=== Goal of the exercise ===
The answer is the line that contains "Some of the words" followed by every later line of the entries below, each repeated exactly, and nothing else.

=== Records for the task ===
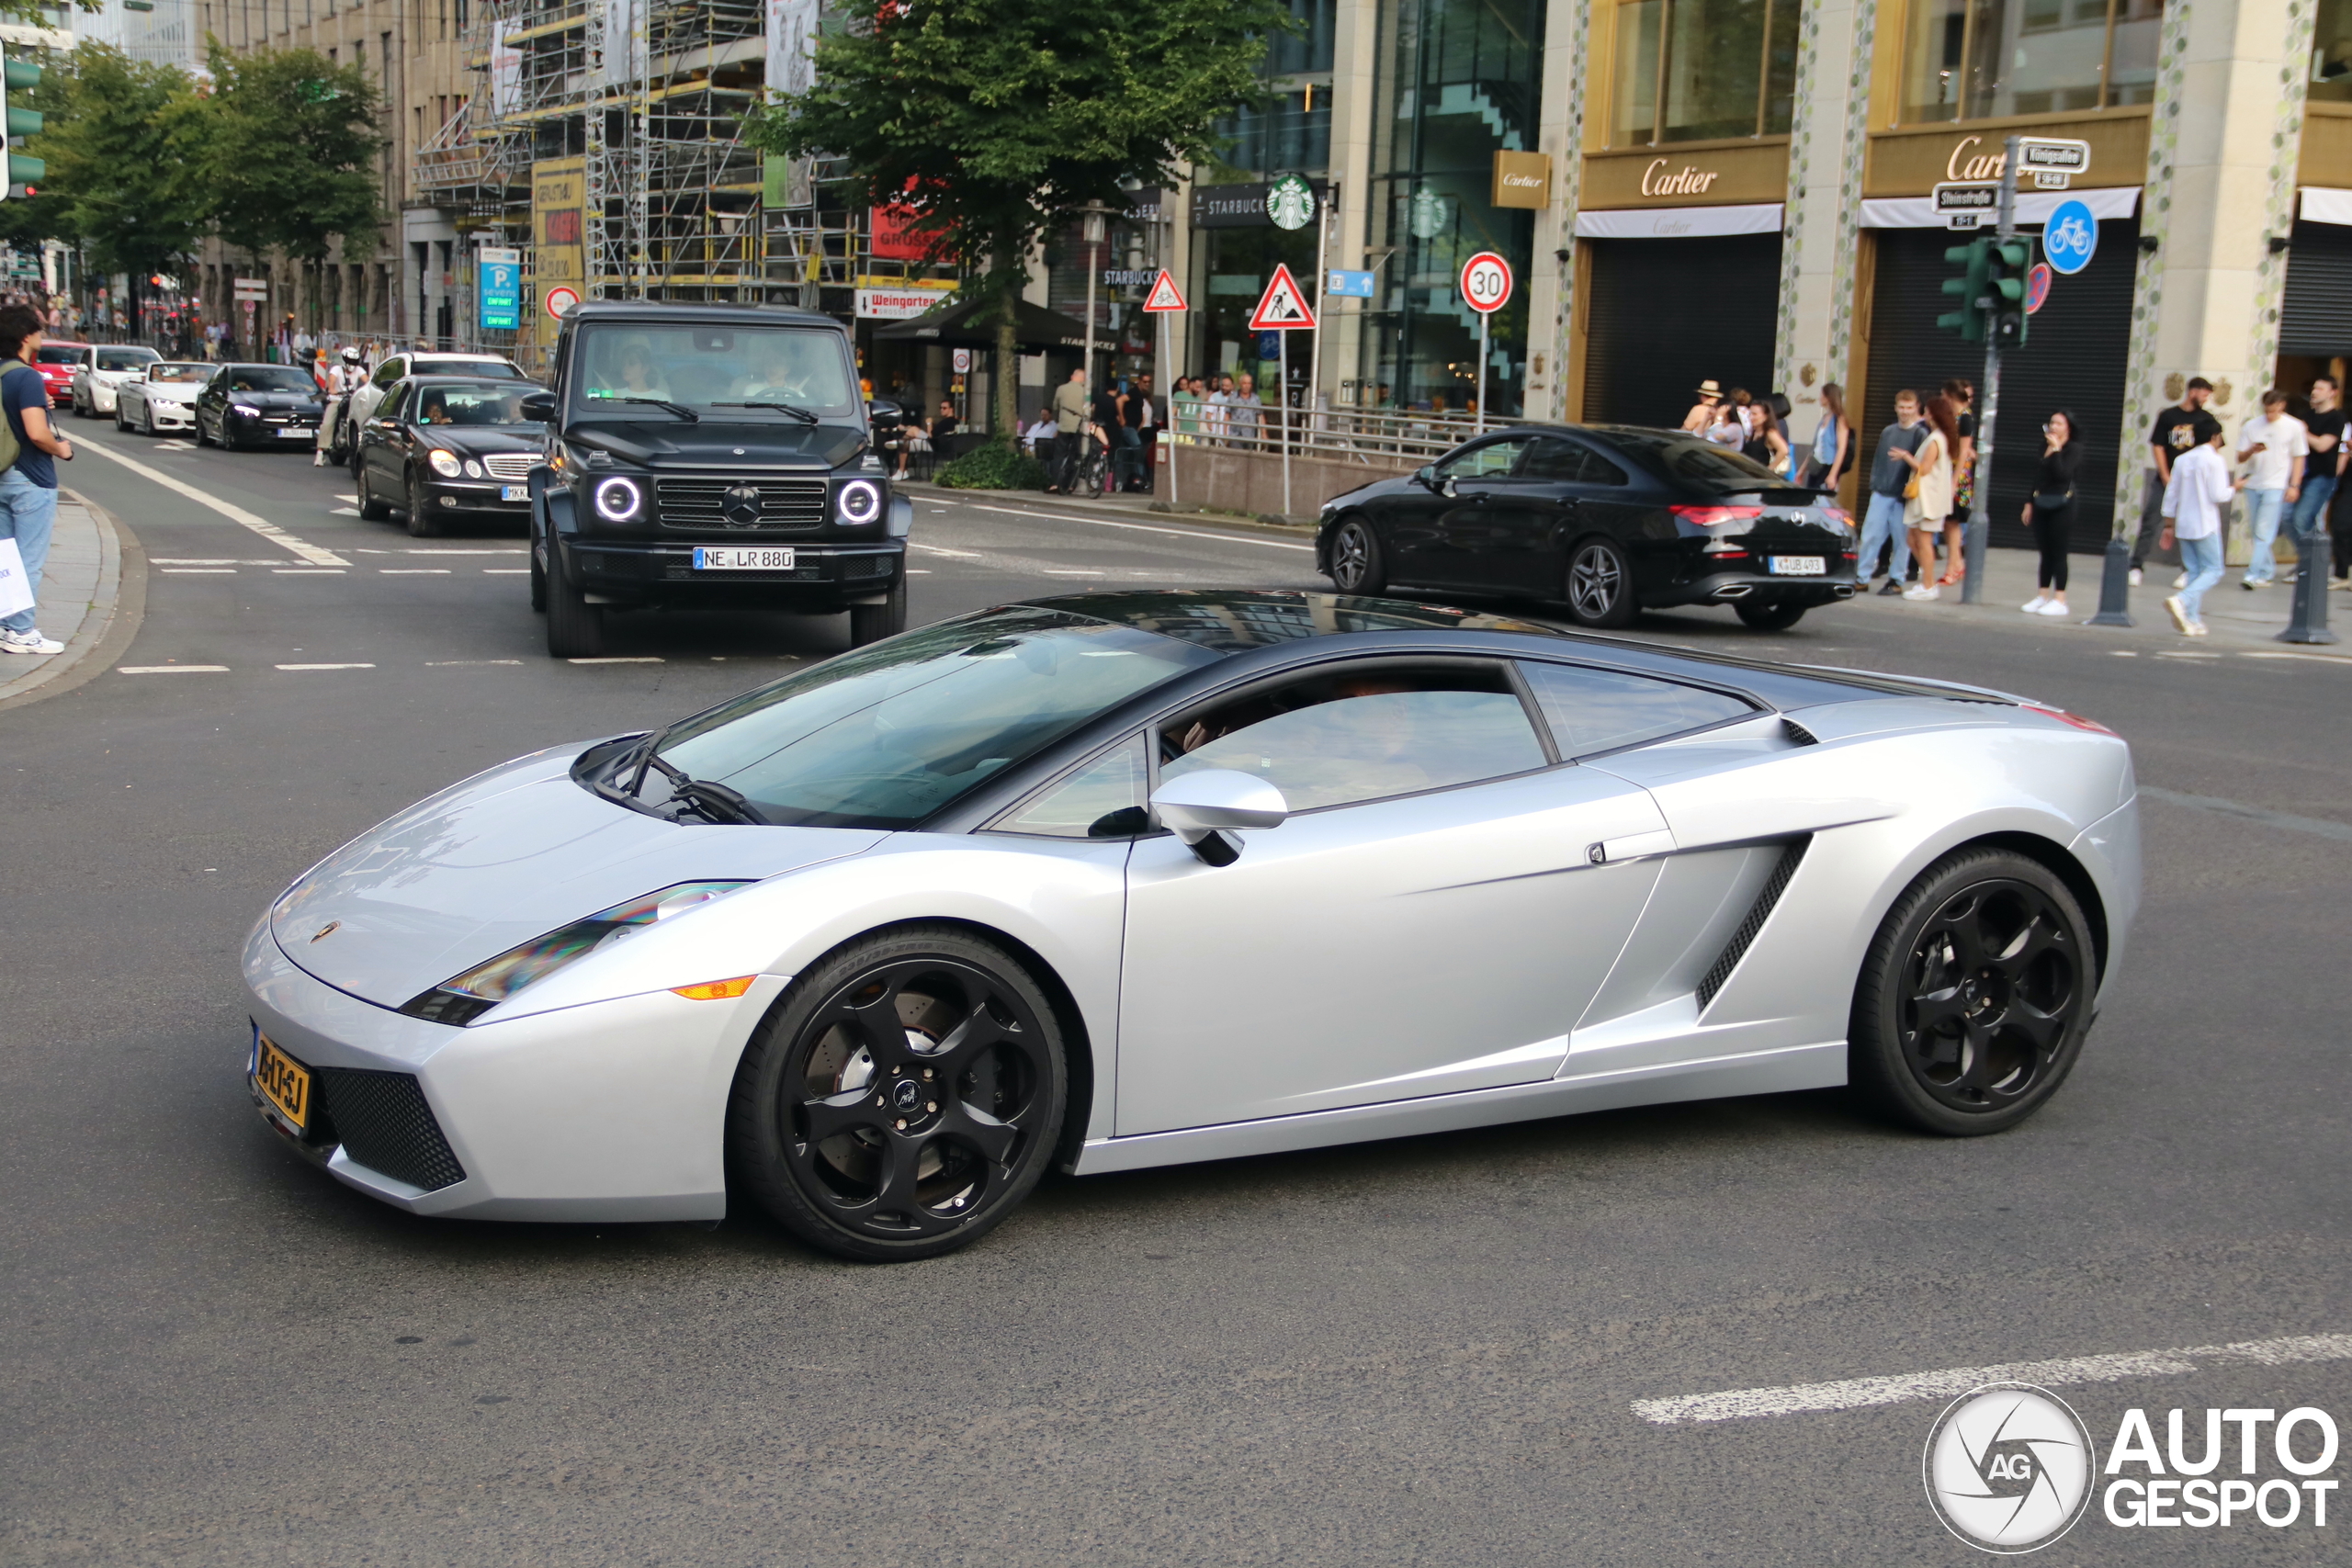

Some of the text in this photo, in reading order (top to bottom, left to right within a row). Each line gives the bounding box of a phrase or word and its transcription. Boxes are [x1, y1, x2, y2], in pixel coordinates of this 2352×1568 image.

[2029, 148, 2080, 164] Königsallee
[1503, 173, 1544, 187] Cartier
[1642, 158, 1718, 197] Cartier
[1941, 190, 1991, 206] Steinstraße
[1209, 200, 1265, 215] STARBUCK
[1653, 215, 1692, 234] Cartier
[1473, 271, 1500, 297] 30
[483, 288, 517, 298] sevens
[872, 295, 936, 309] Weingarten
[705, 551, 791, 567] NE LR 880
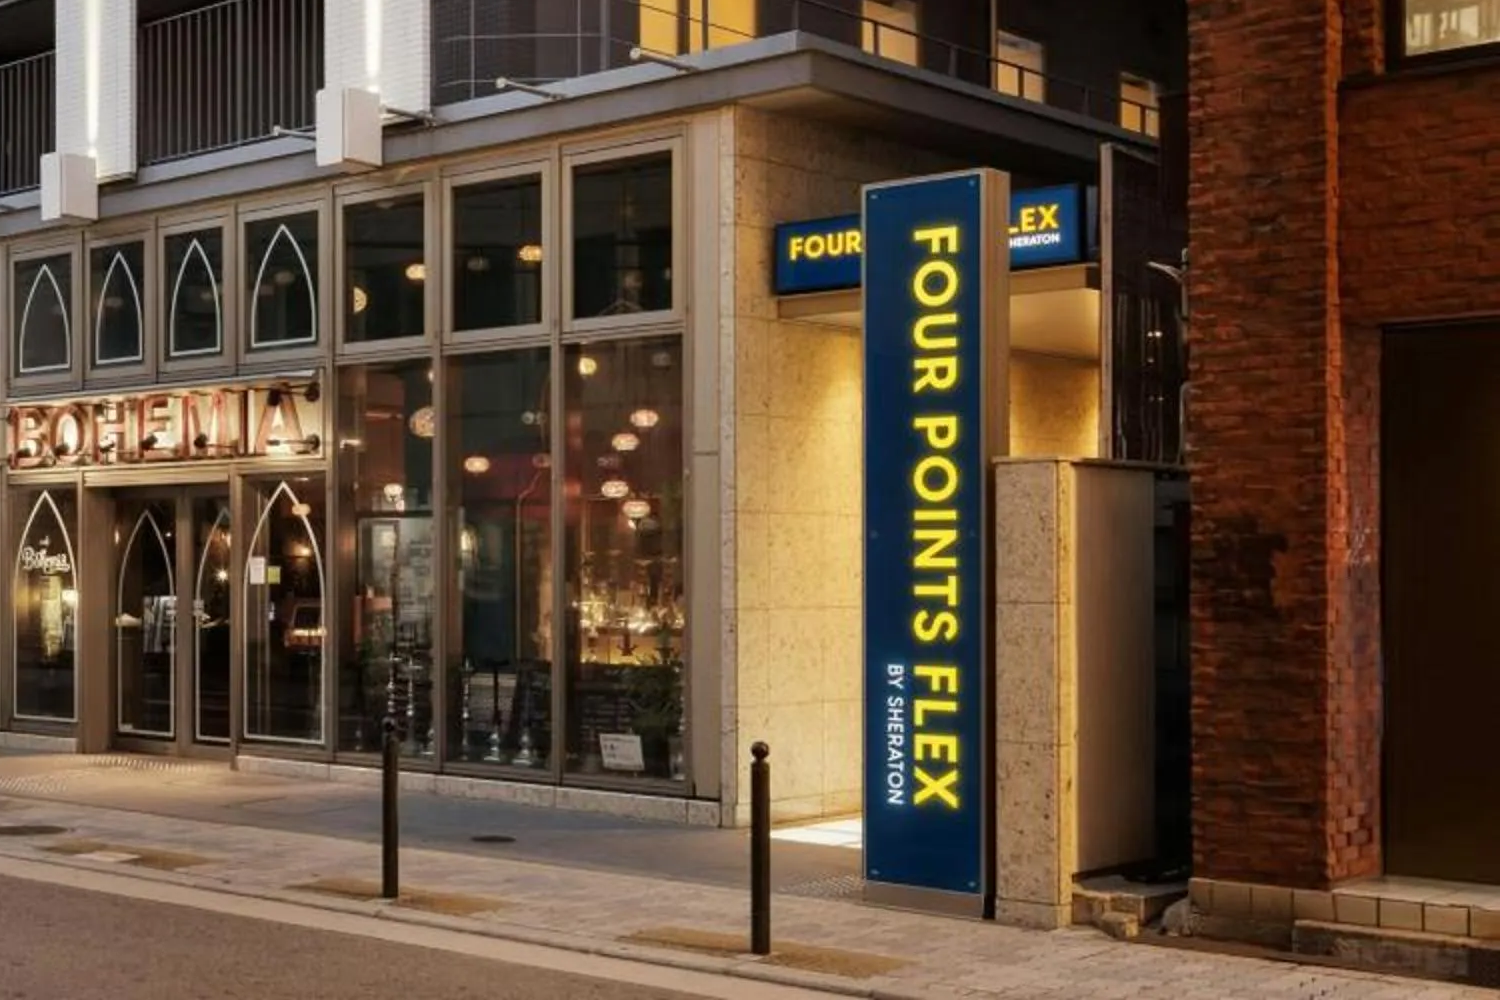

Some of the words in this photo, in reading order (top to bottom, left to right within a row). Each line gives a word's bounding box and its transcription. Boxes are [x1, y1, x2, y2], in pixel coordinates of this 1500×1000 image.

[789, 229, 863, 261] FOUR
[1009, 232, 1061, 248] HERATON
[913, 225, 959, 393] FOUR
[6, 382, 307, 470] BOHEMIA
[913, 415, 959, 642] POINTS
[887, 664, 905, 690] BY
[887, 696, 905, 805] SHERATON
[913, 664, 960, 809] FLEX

=== Result for this exercise ===
Some of the words in this photo, in reading order (top to bottom, left to right within a row). Each line gives a word's bounding box and its transcription. Boxes are [x1, y1, x2, y2], in pixel coordinates of this 1500×1000 image.

[789, 229, 863, 261] FOUR
[1009, 232, 1061, 248] HERATON
[913, 225, 959, 393] FOUR
[6, 382, 307, 470] BOHEMIA
[913, 415, 959, 642] POINTS
[887, 664, 905, 690] BY
[887, 696, 905, 805] SHERATON
[913, 664, 960, 809] FLEX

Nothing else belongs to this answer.